Records from a data source
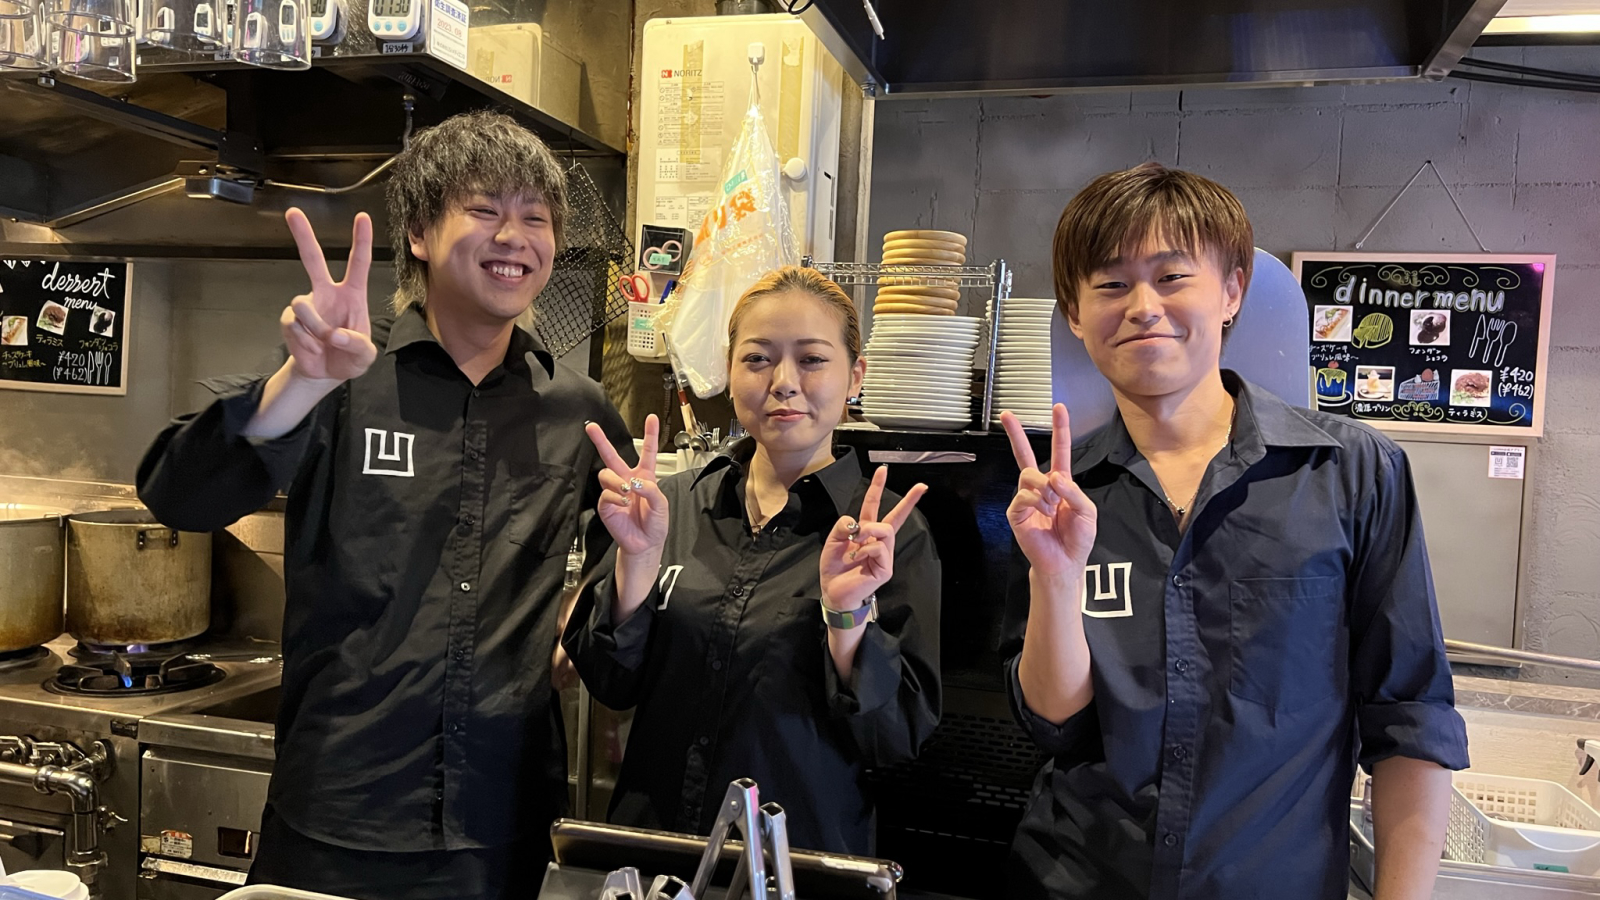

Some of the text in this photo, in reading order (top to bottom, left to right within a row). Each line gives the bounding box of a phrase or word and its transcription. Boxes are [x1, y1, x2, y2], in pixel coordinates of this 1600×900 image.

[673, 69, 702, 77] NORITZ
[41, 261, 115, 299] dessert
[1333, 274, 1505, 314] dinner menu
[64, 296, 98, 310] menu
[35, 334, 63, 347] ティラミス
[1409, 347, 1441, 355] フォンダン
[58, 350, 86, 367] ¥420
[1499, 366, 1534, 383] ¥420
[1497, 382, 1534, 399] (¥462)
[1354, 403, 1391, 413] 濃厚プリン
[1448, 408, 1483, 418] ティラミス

- Work instructions:
Give the records again without a single change, and exclude the pictures.

- Solution to this problem:
Some of the text in this photo, in reading order (top to bottom, left to right within a row). Each line gives the bounding box of a phrase or word and its transcription. Boxes are [x1, y1, x2, y2], in pixel coordinates of this 1600×900 image.

[673, 69, 702, 77] NORITZ
[41, 261, 115, 299] dessert
[1333, 274, 1505, 314] dinner menu
[64, 296, 98, 310] menu
[35, 334, 63, 347] ティラミス
[1409, 347, 1441, 355] フォンダン
[58, 350, 86, 367] ¥420
[1499, 366, 1534, 383] ¥420
[1497, 382, 1534, 399] (¥462)
[1354, 403, 1391, 413] 濃厚プリン
[1448, 408, 1483, 418] ティラミス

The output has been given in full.